### About this exercise
Output every entry exactly as written, but omit the pictures.

### Input
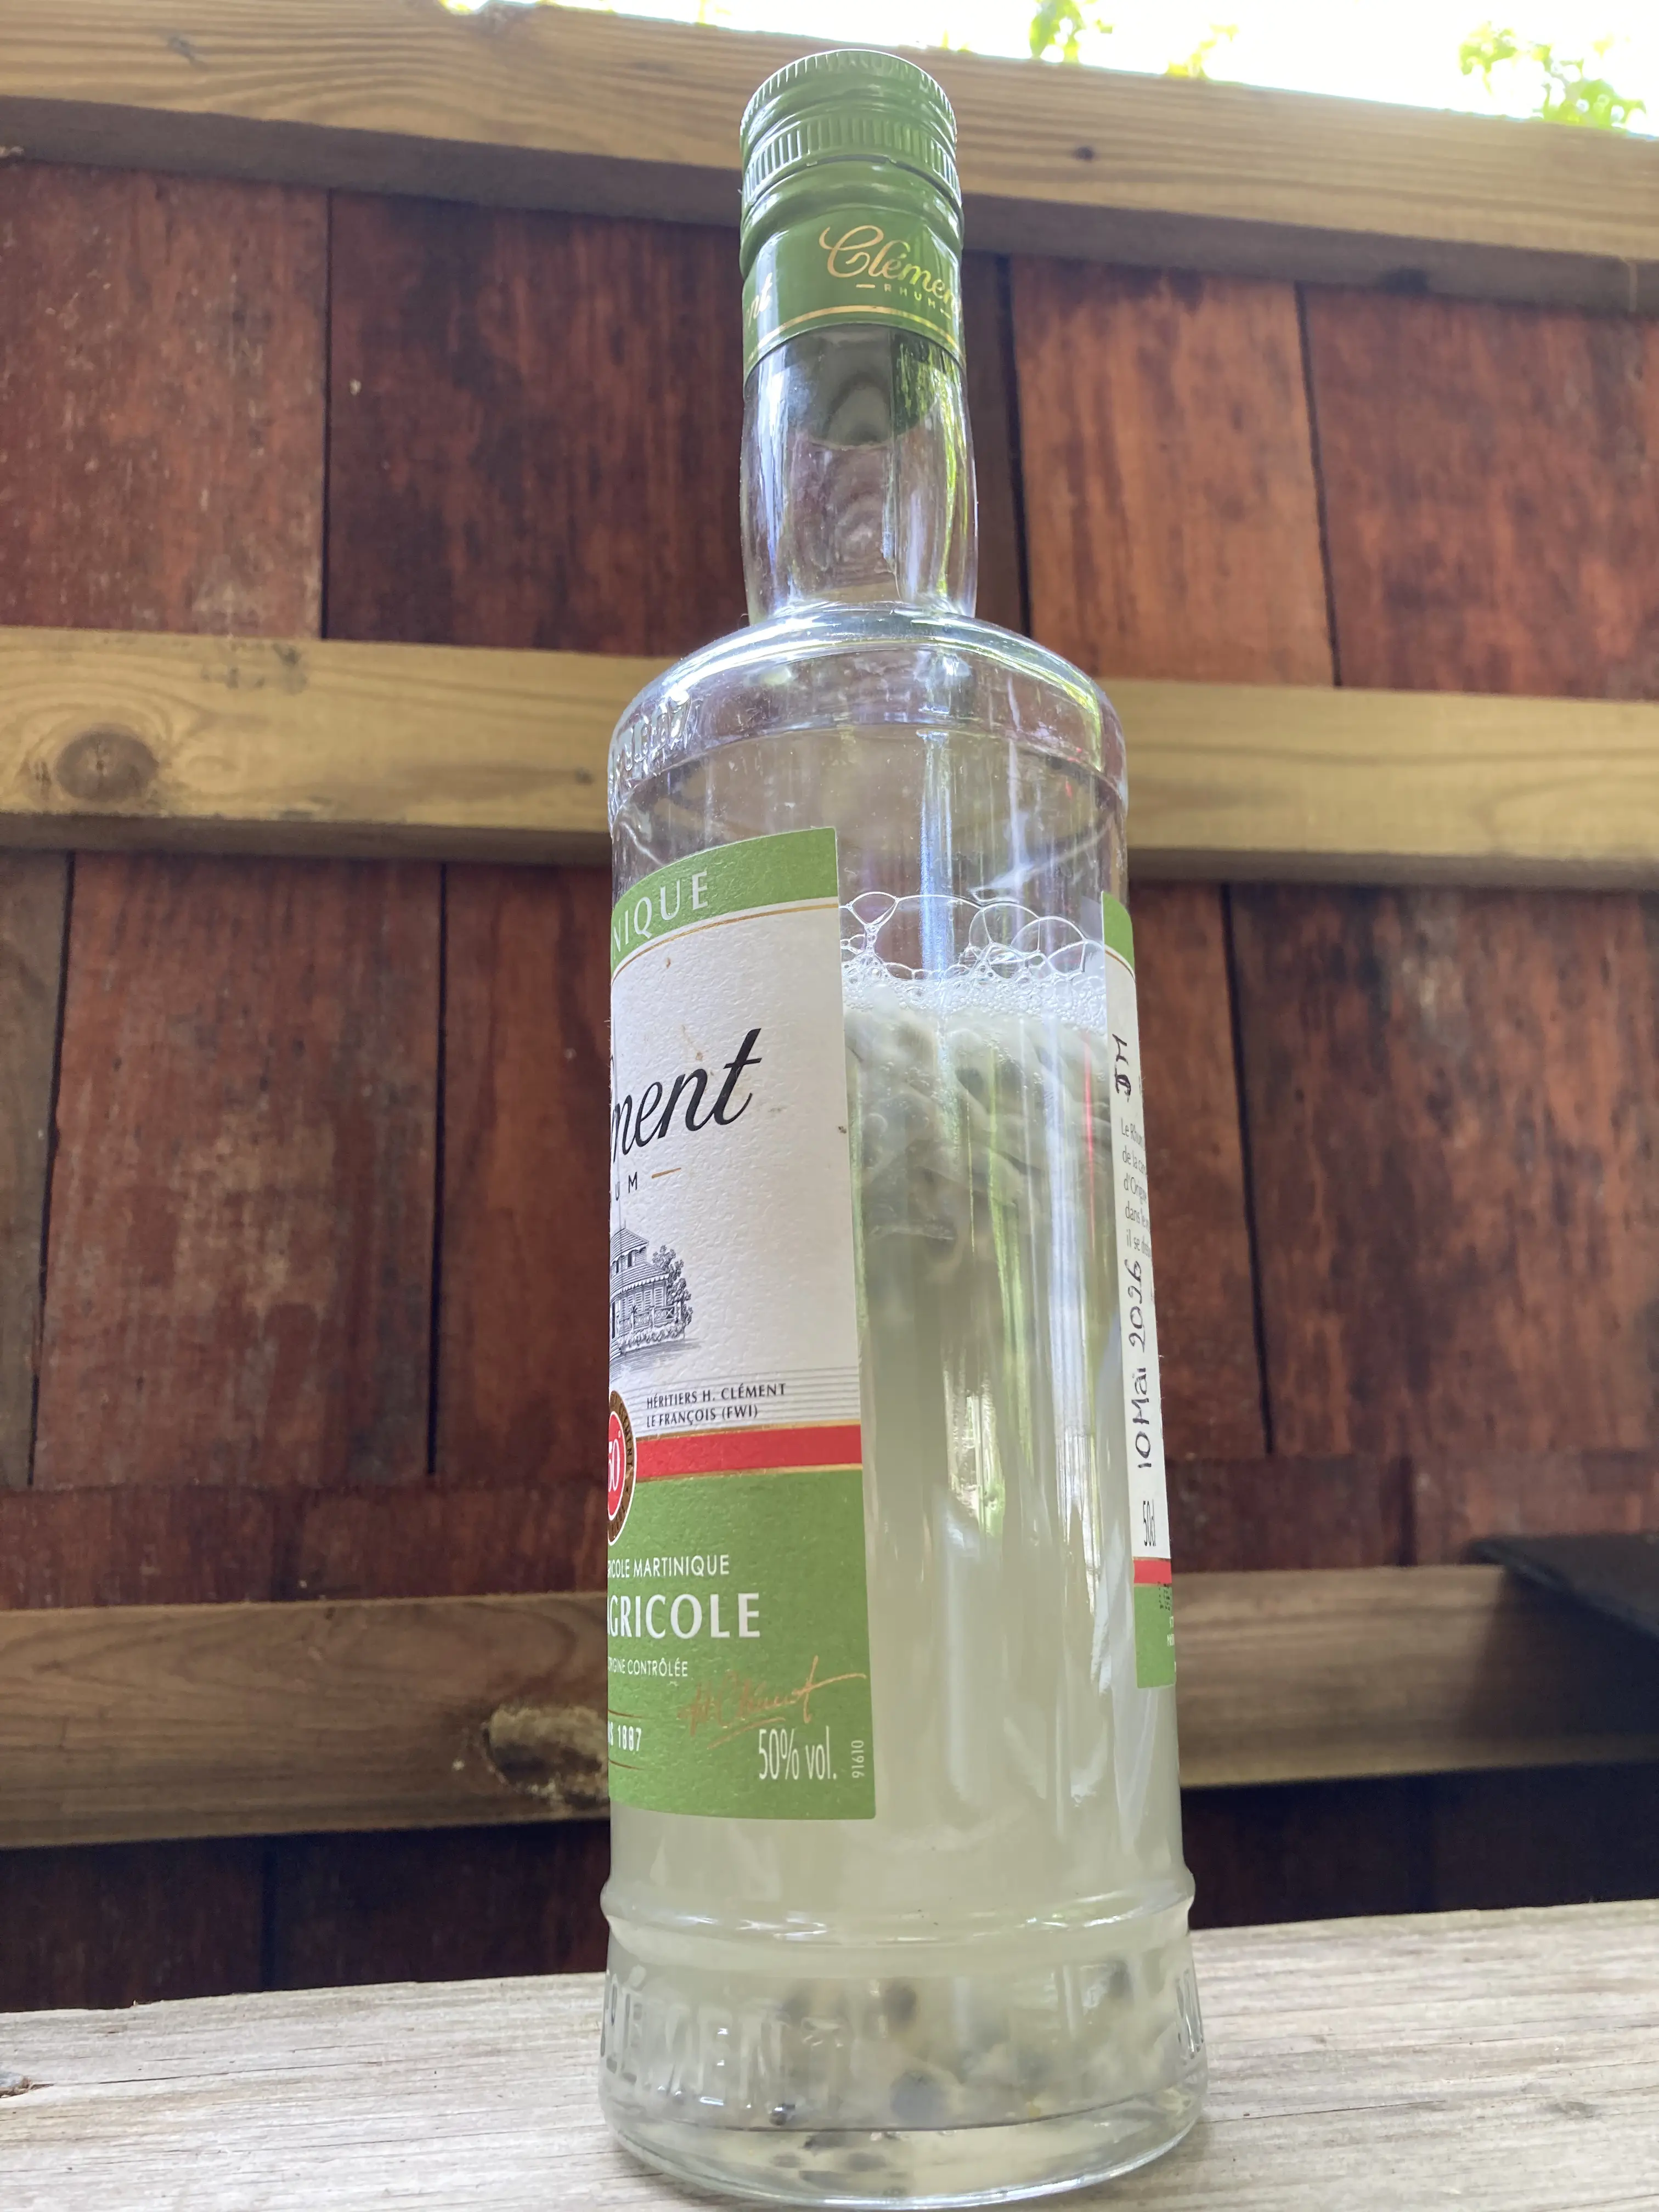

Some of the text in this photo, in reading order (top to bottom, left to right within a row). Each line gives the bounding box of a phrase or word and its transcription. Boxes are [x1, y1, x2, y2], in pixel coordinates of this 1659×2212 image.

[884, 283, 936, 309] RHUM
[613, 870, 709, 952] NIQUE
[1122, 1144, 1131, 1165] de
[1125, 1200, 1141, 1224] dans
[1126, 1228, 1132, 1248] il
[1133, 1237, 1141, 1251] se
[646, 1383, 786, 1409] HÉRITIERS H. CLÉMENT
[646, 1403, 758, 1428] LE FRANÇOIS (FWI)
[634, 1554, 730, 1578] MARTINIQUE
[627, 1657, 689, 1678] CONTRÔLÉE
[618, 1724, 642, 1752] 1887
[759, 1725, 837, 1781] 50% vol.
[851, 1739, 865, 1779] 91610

### Result of the task
Some of the text in this photo, in reading order (top to bottom, left to right within a row). Each line gives the bounding box of a phrase or word and its transcription. Boxes are [x1, y1, x2, y2], in pixel coordinates of this 1659×2212 image.

[884, 283, 936, 309] RHUM
[613, 870, 709, 952] NIQUE
[1122, 1144, 1131, 1165] de
[1125, 1200, 1141, 1224] dans
[1126, 1228, 1132, 1248] il
[1133, 1237, 1141, 1251] se
[646, 1383, 786, 1409] HÉRITIERS H. CLÉMENT
[646, 1403, 758, 1428] LE FRANÇOIS (FWI)
[634, 1554, 730, 1578] MARTINIQUE
[627, 1657, 689, 1678] CONTRÔLÉE
[618, 1724, 642, 1752] 1887
[759, 1725, 837, 1781] 50% vol.
[851, 1739, 865, 1779] 91610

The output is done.